Scientists affiliated with Xinjiang University in China have engineered a novel crystal with the potential to advance the creation of thorium-229-based nuclear clocks. These clocks, in time, could surpass current atomic clocks in accuracy by factors ranging from ten to a thousand, offering significant utility in environments where GPS functioning is compromised or nonexistent.
The technology in question is primarily required for highly precise timekeeping. Time serves as the fundamental basis for navigation; devices like smartphones, satellite constellations, and other positioning solutions determine location by precisely measuring the signal transit time from reference sources. Consequently, greater clock precision translates directly into superior navigation accuracy.
This new breakthrough is particularly noteworthy because GPS is susceptible to jamming, interference, and signal spoofing, rendering it unsuitable for subaquatic or subterranean deployments. For vessels like submarines, missiles, and deep-sea or space exploration hardware, this poses a considerable constraint. Nuclear clocks, unlike their conventional atomic counterparts, are anticipated to exhibit reduced sensitivity to external factors such as temperature fluctuations, mechanical vibrations, and magnetic fields, thanks to their reliance on atomic nucleus oscillation frequencies.

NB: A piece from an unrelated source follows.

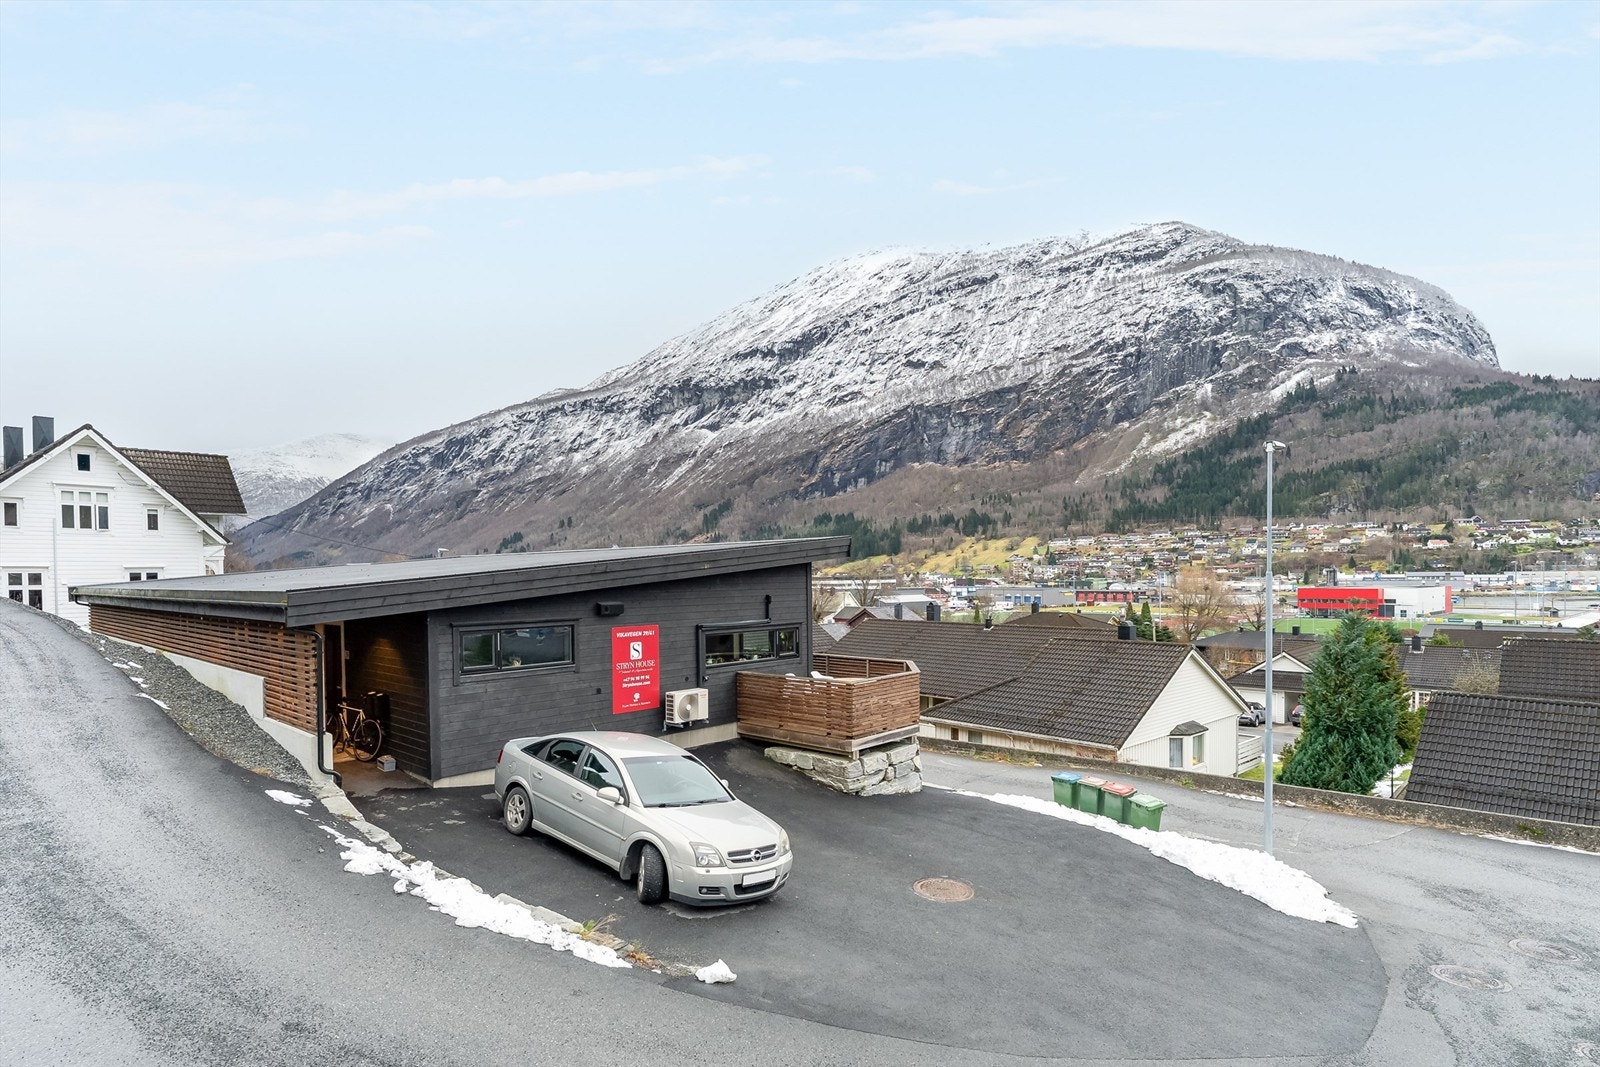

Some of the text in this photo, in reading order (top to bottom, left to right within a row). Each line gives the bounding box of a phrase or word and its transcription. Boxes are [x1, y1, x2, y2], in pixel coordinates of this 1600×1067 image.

[632, 643, 640, 658] S
[616, 660, 656, 670] STRYN HOUSE
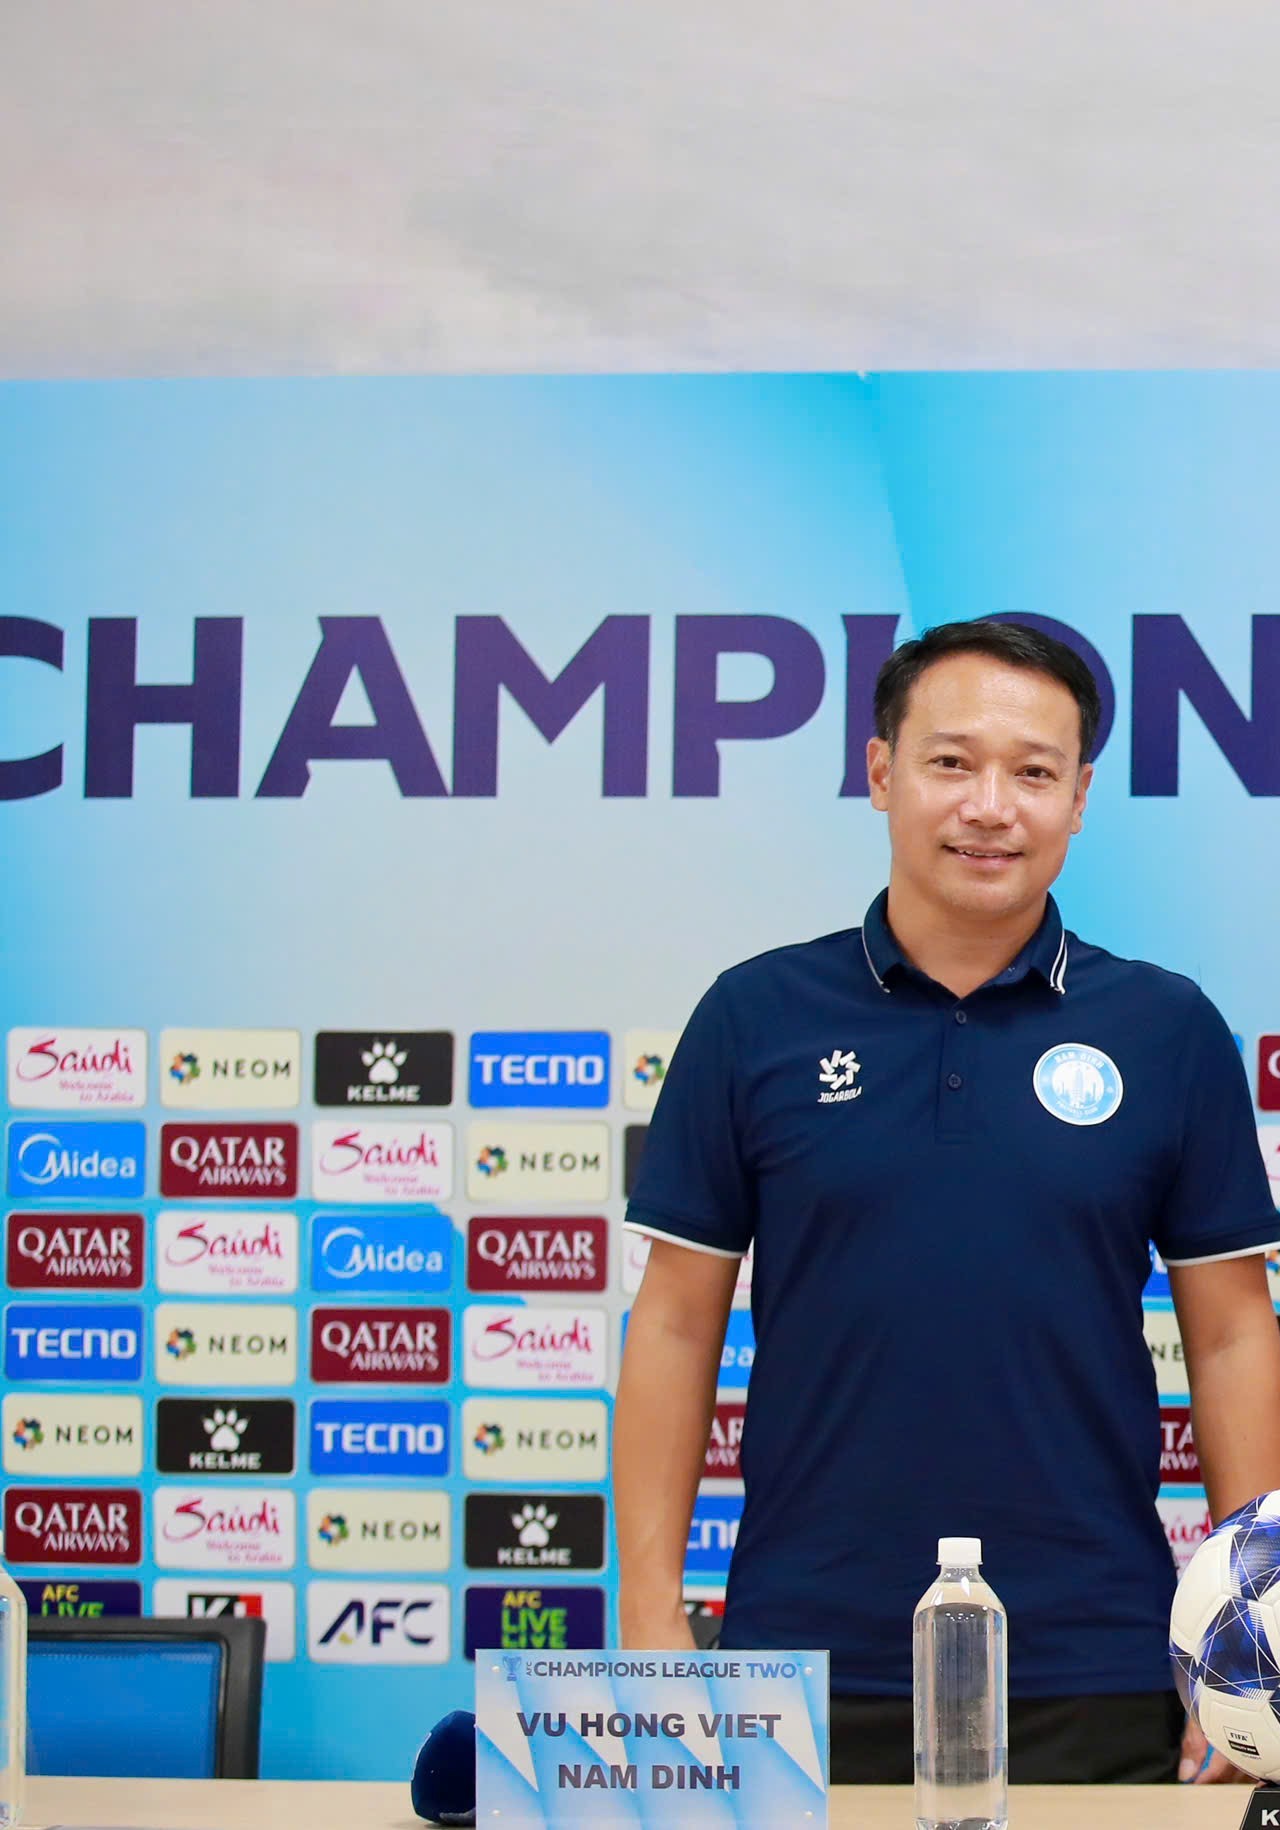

The central technical hurdle involved generating an extremely precise ultraviolet (UV) radiation source with a wavelength near 148.3 nm, a necessity for interacting with thorium-229 isotopes. The newly developed crystal is purported to be capable of converting incident laser light into UV radiation at a wavelength of 145.2 nm—a new record achievement that propels this technology closer to practical implementation.
Should these nuclear clocks be successfully transformed into functional instruments, they could offer markedly more dependable autonomous navigation capabilities for submarines, rockets, and spacecraft that need to maintain orientation without constant contact with Earth-based infrastructure. While such systems would not entirely replace GPS, they have the potential to substantially decrease reliance upon it.